An exact copy of all the data is needed, with every picture left out.

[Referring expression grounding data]
###
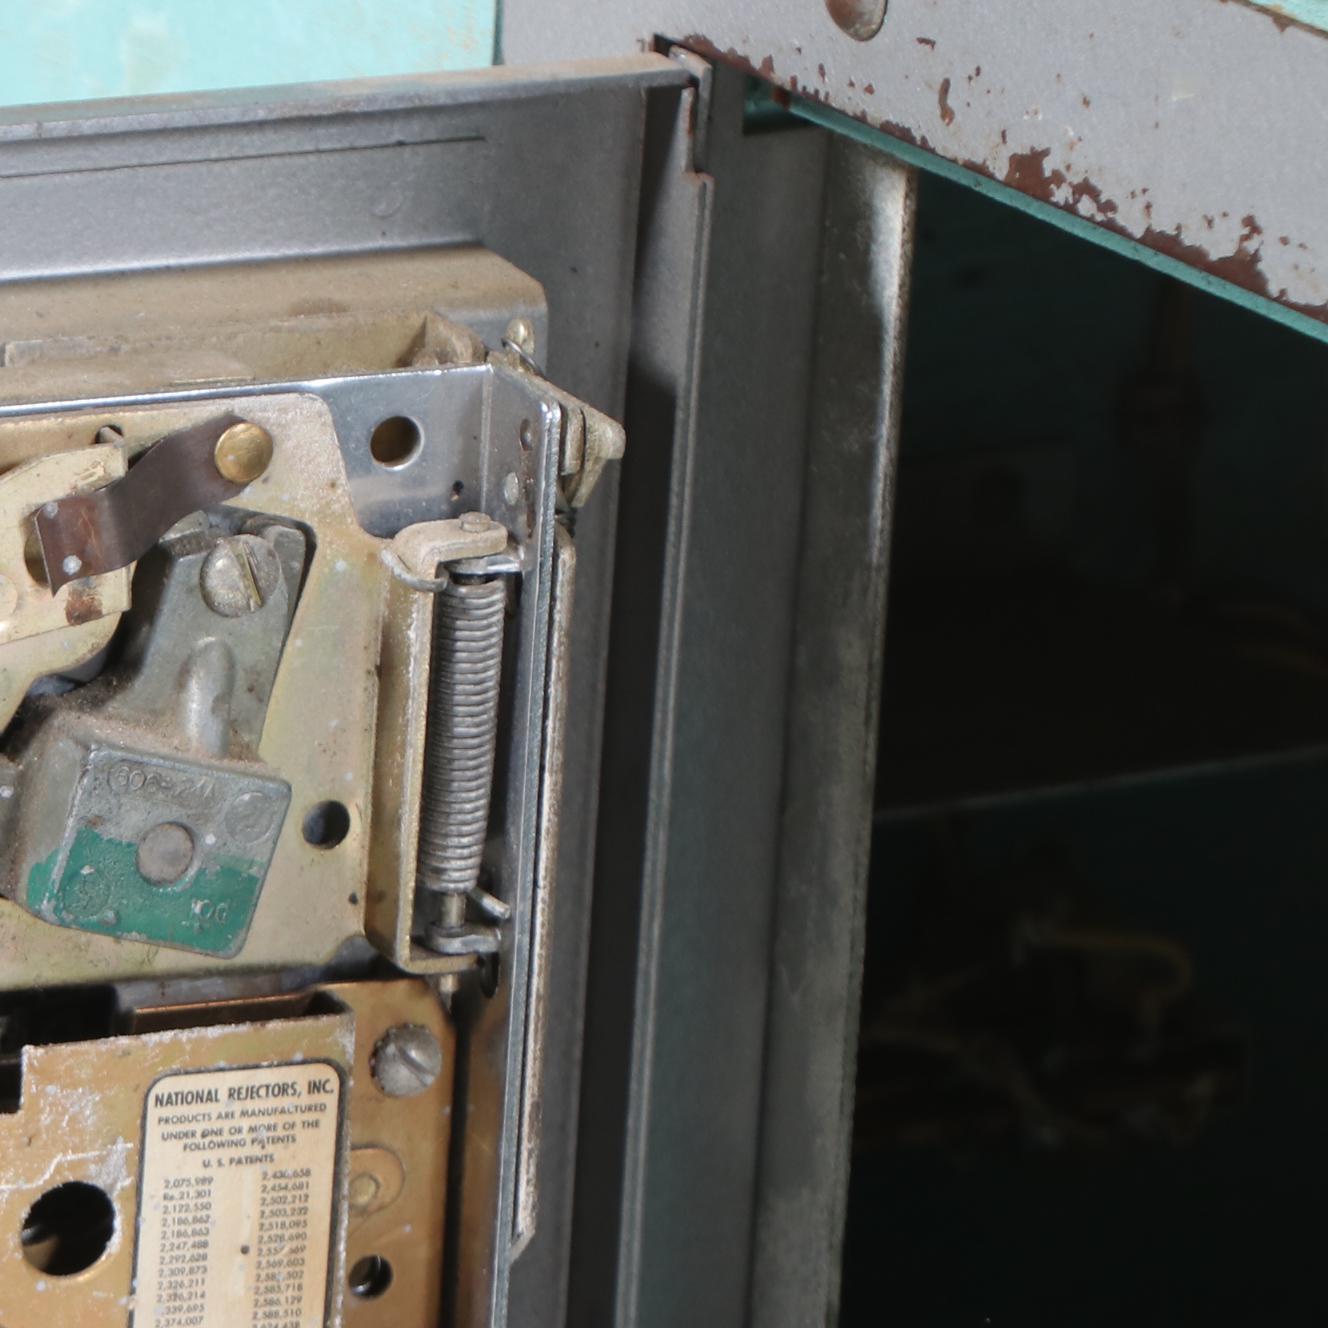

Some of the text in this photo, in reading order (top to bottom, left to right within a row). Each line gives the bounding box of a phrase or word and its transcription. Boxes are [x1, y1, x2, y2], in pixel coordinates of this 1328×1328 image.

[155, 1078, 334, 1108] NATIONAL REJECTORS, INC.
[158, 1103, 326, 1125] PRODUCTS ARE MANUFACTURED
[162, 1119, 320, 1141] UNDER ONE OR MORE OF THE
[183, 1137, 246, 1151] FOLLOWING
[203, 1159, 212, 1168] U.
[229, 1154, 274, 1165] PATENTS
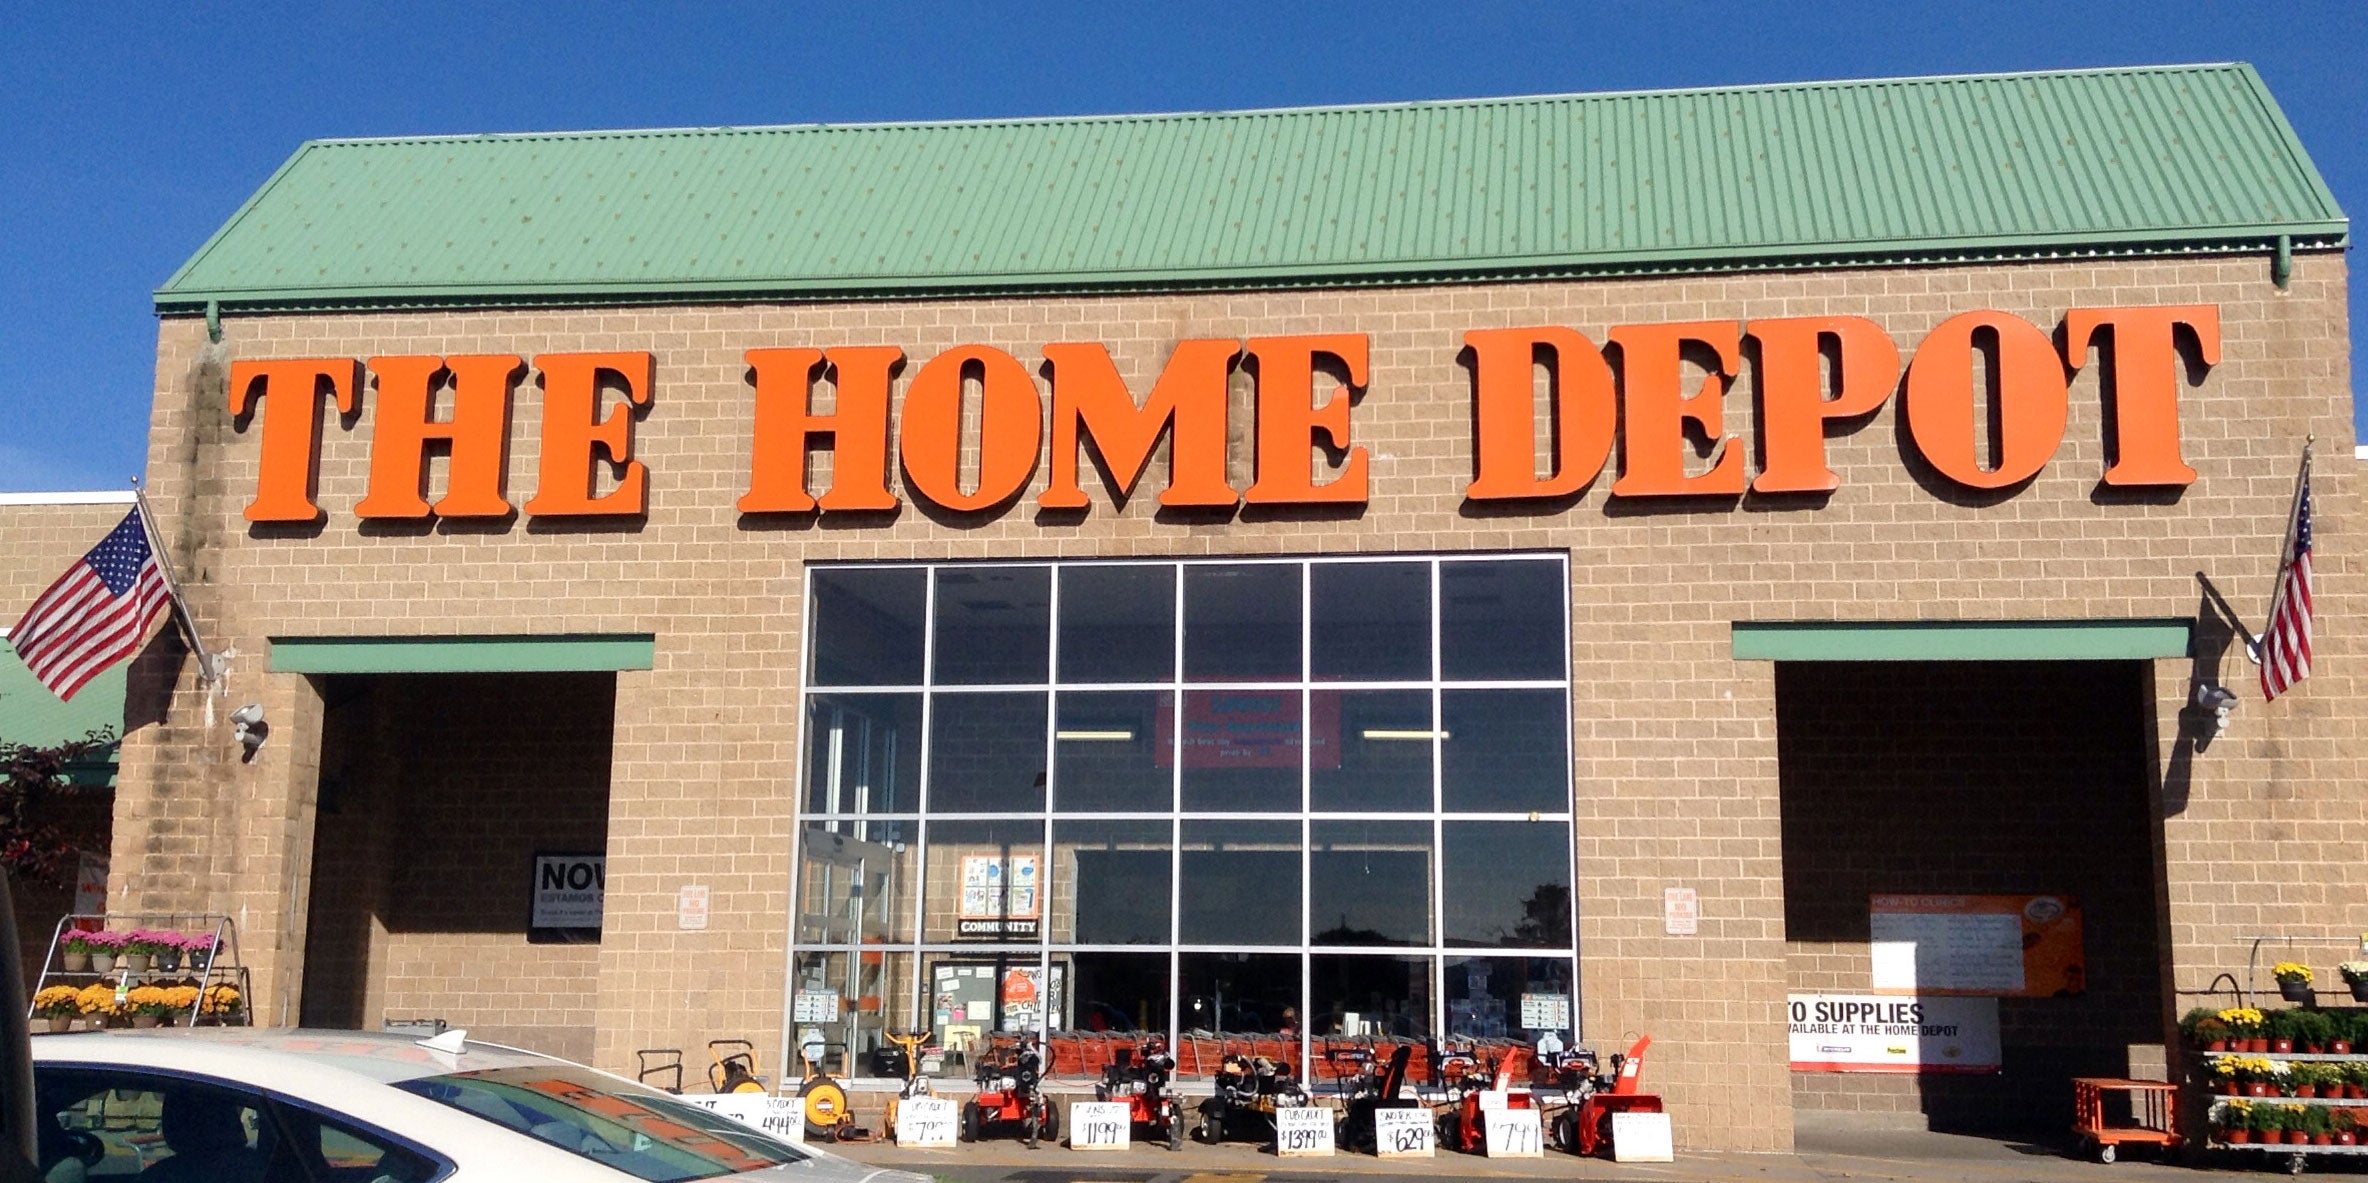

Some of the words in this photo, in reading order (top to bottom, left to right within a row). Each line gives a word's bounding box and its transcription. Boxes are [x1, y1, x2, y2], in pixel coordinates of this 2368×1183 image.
###
▸ **Solution for this problem**
Some of the text in this photo, in reading order (top to bottom, left to right within a row). Each line gives the bounding box of a phrase or word and its transcription. Boxes are [x1, y1, x2, y2], in pixel coordinates of this 1328×1328 image.

[155, 1078, 334, 1108] NATIONAL REJECTORS, INC.
[158, 1103, 326, 1125] PRODUCTS ARE MANUFACTURED
[162, 1119, 320, 1141] UNDER ONE OR MORE OF THE
[183, 1137, 246, 1151] FOLLOWING
[203, 1159, 212, 1168] U.
[229, 1154, 274, 1165] PATENTS

Some of the words in this photo, in reading order (top to bottom, left to right within a row). Each line gives a word's bounding box and its transcription. Boxes are [x1, y1, x2, y2], in pixel coordinates of this 2368×1183 image.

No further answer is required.